Sin embargo Jesús, el Hijo del Hombre, el Hijo de Dios hecho hombre, puede lo que ningún otro hombre puede: pagar por la culpa, liberar de la deuda, obtenernos el perdón. Puede asumir la misión y el costo de la reparación. Lo declara más la lectura de la carta a los Efesios: “Dios, rico en misericordia, por el gran amor con que nos amó, estando nosotros muertos por los pecados, nos ha hecho vivir con Cristo –por pura gracia están ustedes salvados– nos ha resucitado con Cristo Jesús y nos ha sentado en cielo con Él”. “El mismo que sobre el madero llevó nuestros pecados en su cuerpo, a fin de que, muertos a nuestros pecados, viviéramos para la justicia; con cuyas heridas habéis sido curados” (1Pe 2,24) y así, “hecho obediente hasta la muerte y muerte de cruz (Flp 2,8), “canceló la deuda que teníamos y la suprimió clavándola en la cruz” (Col 2,14), nos lavó con su sangre de nuestros pecados” (Ap 1,5) y obtuvo nuestro perdón. Un perdón fruto del amor de Dios Padre, porque “tanto amó Dios al mundo que entregó a su Hijo único” y lo mandó al mundo, “no para condenar al mundo, sino para que el mundo se salve por Él”. Y también un perdón fruto y conquista del amor del Hijo Hombre, levantado, crucificado por nuestros pecados, porque “me amó y se entregó a la muerte por mí” (Ga 2,20).
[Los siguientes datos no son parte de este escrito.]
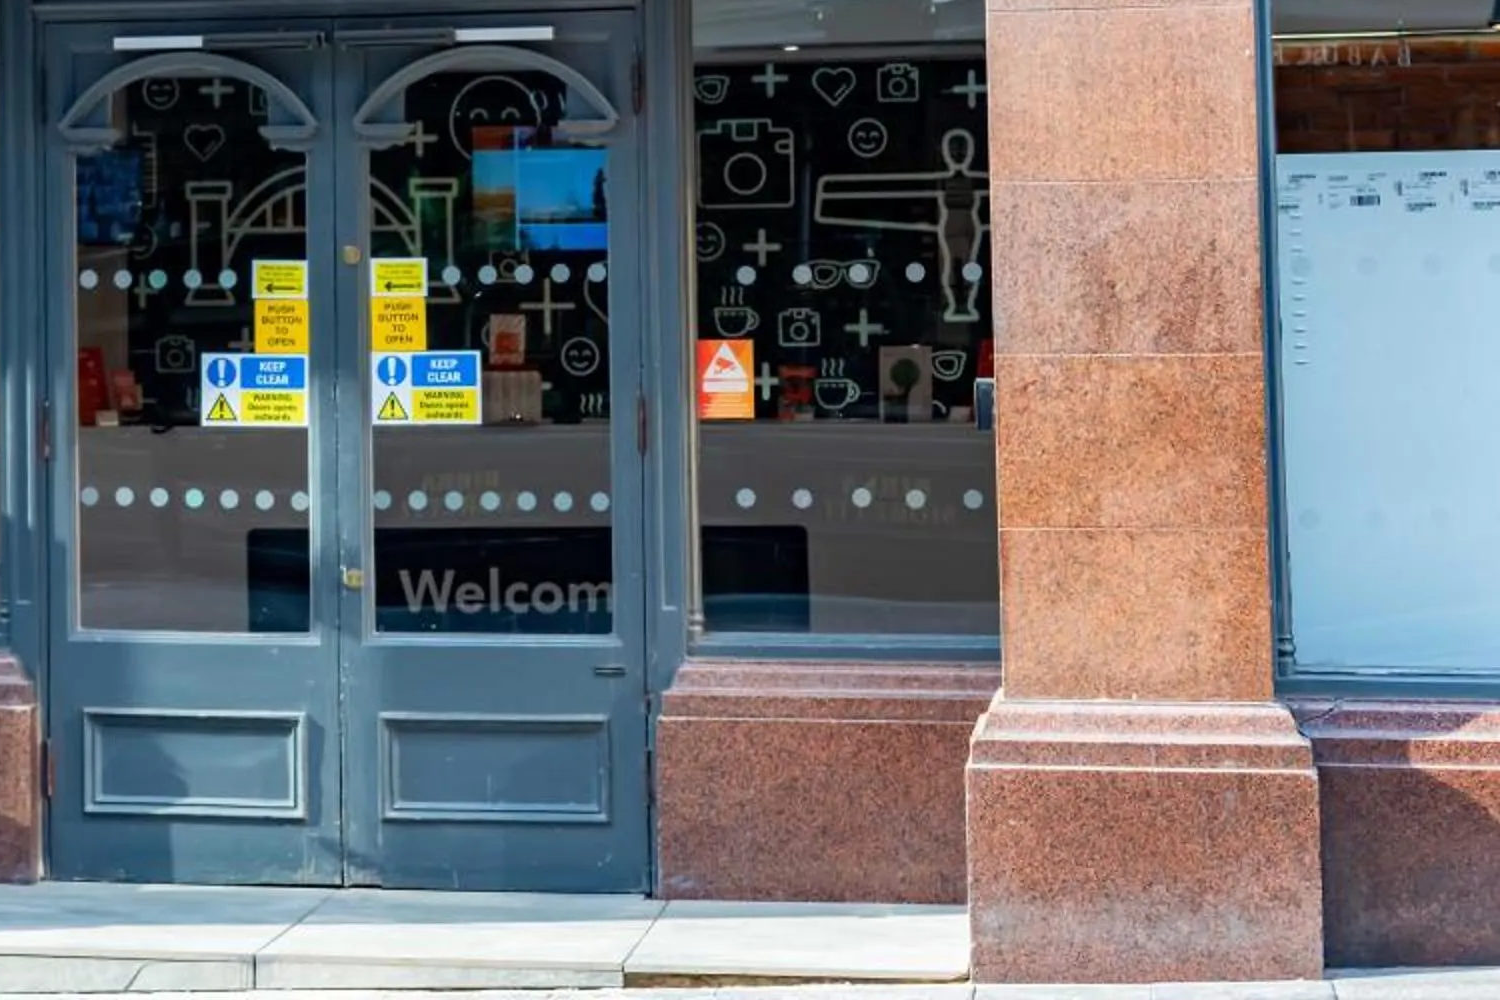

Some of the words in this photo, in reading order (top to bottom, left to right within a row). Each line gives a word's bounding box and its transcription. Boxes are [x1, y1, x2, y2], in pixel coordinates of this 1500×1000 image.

[267, 305, 296, 314] PUSH
[261, 316, 302, 325] BUTTON
[377, 313, 419, 322] BUTTON
[275, 326, 289, 335] TO
[392, 324, 406, 333] TO
[267, 338, 296, 347] OPEN
[384, 335, 413, 345] OPEN
[259, 361, 287, 372] KEEP
[430, 359, 458, 370] KEEP
[255, 375, 289, 385] CLEAR
[427, 372, 461, 383] CLEAR
[398, 566, 613, 614] Welcom
Éste es el núcleo de la fe. Como reflexionamos el pasado domingo, “unos piden milagros, otros sabiduría, pero nosotros predicamos y creemos en Cristo crucificado”; éste es el poder y ésta es la sabiduría de Dios.
“Hemos creído en el amor” (1Jn 4,16). “El que cree en él, no será condenado; por el contrario, el que no cree ya está condenado, porque no ha creído en el nombre del Hijo único de Dios”. Porque creer no es meramente admitir la existencia de Dios, que ha creado; es creer que he sido y soy amado hasta la muerte; es creer que ese Dios y es Jesús, el Hijo único, ha cambiado radicalmente mi existencia y mi futuro, de la noche al día, de las tinieblas a la luz. Que “la condenación consiste en esto: que la luz vino al mundo, y los hombres prefirieron (¿prefieren?) las tinieblas a la luz, porque sus obras eran malas. Porque todo el que obra perversamente detesta la luz y no se acerca a la luz, para no verse acusado por sus obras. En cambio el que realiza la verdad se acerca a la luz, para que se vea que sus obras están hechas según Dios”. ¡Qué claro resulta este Juan tan difícil de entender cuando la fe no brilla!
La Eucaristía es un encuentro privilegiado en la fe y el amor. Con especial fe pedimos hoy al Señor, a las puertas de los misterios de su muerte y resurrección, que nos comunique algo más de su amor a Él y en ese amor también el amor a nuestros hermanos, que su amor incluye y comparte.